Head of United Nations Economic and Social Commission for Asia and the Pacific
- In office 1988–2000

Vice-Chancellor, University of the South Pacific
- In office 2001–2005

Pro-Chancellor, University of the South Pacific
- In office 1997–1999

Governor, Reserve Bank of Fiji
- In office 1984–1988

Alternate Director, International Monetary Fund
- In office 1978–1980

Director of Economic Planning, Fiji
- In office 1970–1972

Personal details
- Born: November 4, 1940 Buca Bay, Cakaudrove Province
- Died: October 3, 2003 (aged 62) Christchurch, New Zealand
- Spouse: Suliana Kaloumaira ​(m. 1966)​
- Children: Simione Ramacake; Ropate Rakula; Atunaisa Taleasiga; Asenaca Tania Tuivanuavou;

= Savenaca Siwatibau =

Fijian academic leader and civil service administrator

Savenaca Siwatibau (1940 – 3 October 2003) was a Fijian academic leader and civil service administrator.

The son of Isaac Driver and Adi Asenaca Mairara, Siwatibau was born on 4 November 1940 in Tukavesi Village in Buca Bay, Cakaudrove Province, but grew up in Buca, the village of his mother, who was of chiefly rank. He was educated at Queen Victoria School and Suva Grammar School, graduating as the Dux in 1958. In 1963, he graduated from New Zealand's the University of Auckland with a Master's degree in Science, with a major in mathematics and physics. While at Auckland University, he had met his future wife, Suliana Kaloumaira, a native of Moturiki Island. They were married in 1966. They had three sons (Simione Ramacake, Ropate Rakula, and Atunaisa Taleasiga), and one daughter (Asenaca Tania Tuivanuavou). Two sons became IT engineers and one a lawyer. His daughter became a banker.

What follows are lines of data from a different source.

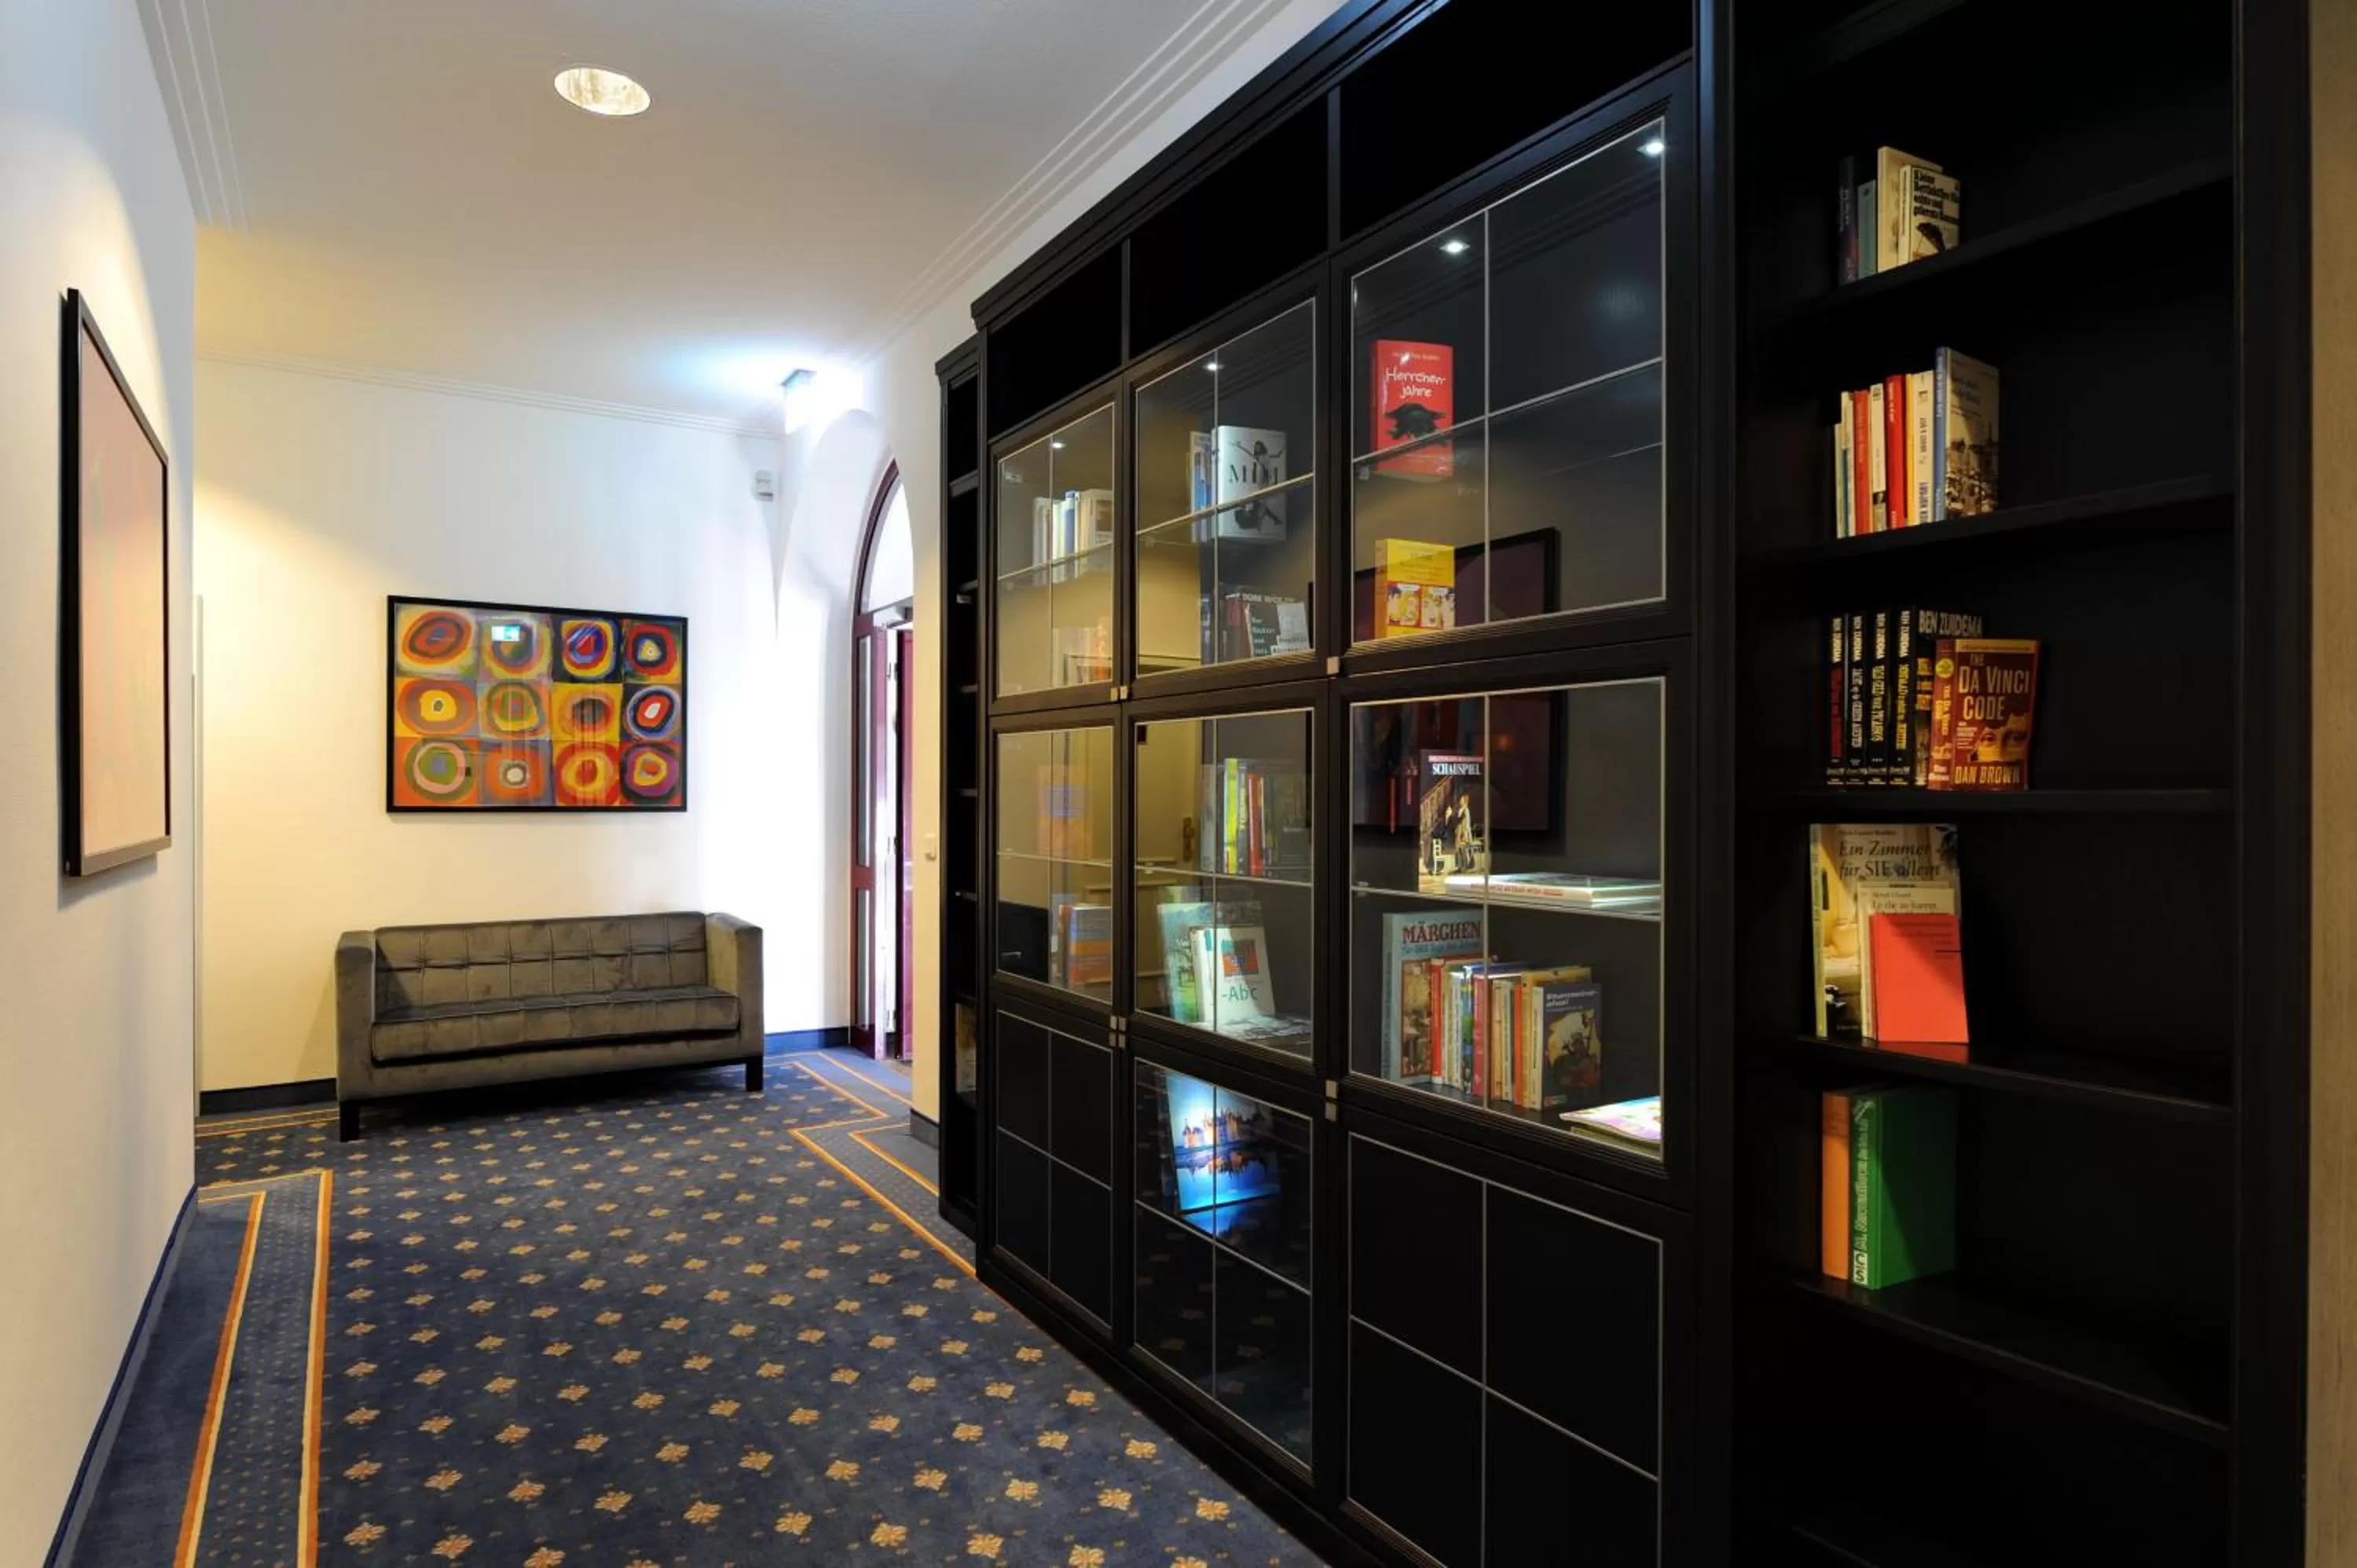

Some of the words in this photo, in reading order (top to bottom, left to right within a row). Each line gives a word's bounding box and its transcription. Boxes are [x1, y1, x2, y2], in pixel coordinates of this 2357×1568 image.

[1919, 610, 1938, 634] BEN
[1970, 653, 1985, 667] THE
[1958, 666, 1981, 694] DA
[1986, 666, 2030, 694] VINCI
[1963, 695, 2005, 720] CODE
[1954, 765, 1977, 785] DAN
[1979, 765, 2021, 785] BROWN
[1838, 840, 1864, 857] Ein
[1868, 840, 1930, 857] Zimmer
[1838, 860, 1860, 881] für
[1865, 860, 1893, 877] SIE
[1402, 921, 1481, 943] MÄRCHEN

After working as a meteorologist in Nadi, Siwatibau was posted to the Meteorology Office in Wellington, New Zealand, where he decided to study economics at Victoria University. His study was interrupted by a transfer to the Economic Planning office in Suva, but he was able to continue his studies at Sussex University in the United Kingdom, graduating in 1968 with a Master of Arts degree in economics. When Fiji gained its independence from the United Kingdom in 1970, Siwatibau was appointed the first native-born Director of Economic Planning.

In 1972, he became Permanent Secretary of Finance, and also joined the University of the South Pacific as a government representative on the institution's ruling body, the University Council. From 1978 to 1980, he served as an Alternate Director of the International Monetary Fund in Washington, D.C., and on his return to Fiji, he was appointed Local General Manager of the Central Monetary Authority in 1981. In 1984 he became the first Governor of the Reserve Bank of Fiji. In 1988, he left Fiji for six months to pursue a fellowship at the Australian National University, and on his return, he was appointed Head of EPOC (the United Nations Economic and Social Commission for Asia and the Pacific (ESCAP) Pacific Operations Centre in Vanuatu), a position he held until 2000.

While still at EPOC, he was appointed Pro-Chancellor of the University of the South Pacific in 1997, and was promoted to Vice-Chancellor in 2001. The appointment generated some controversy, with some university staff having supported Rajesh Chandra for the post.

In 2000, George Speight, who led a civilian insurrection against the elected government of Prime Minister Mahendra Chaudhry, proposed Siwatibau for the post of Prime Minister. Siwatibau was not a party to the plot and had no apparent sympathy with it, but Speight may have wanted a respected name to lend legitimacy to his rebel government.

Savenaca Siwatibau died of lung cancer at Christchurch Hospital in New Zealand on 3 October 2003. He was 62.

His family and friends remembered him as a committed Christian who had a strong sense of fairness and justice. Several times he was offered the CBE honour but declined saying that he wanted God's approval, not man's.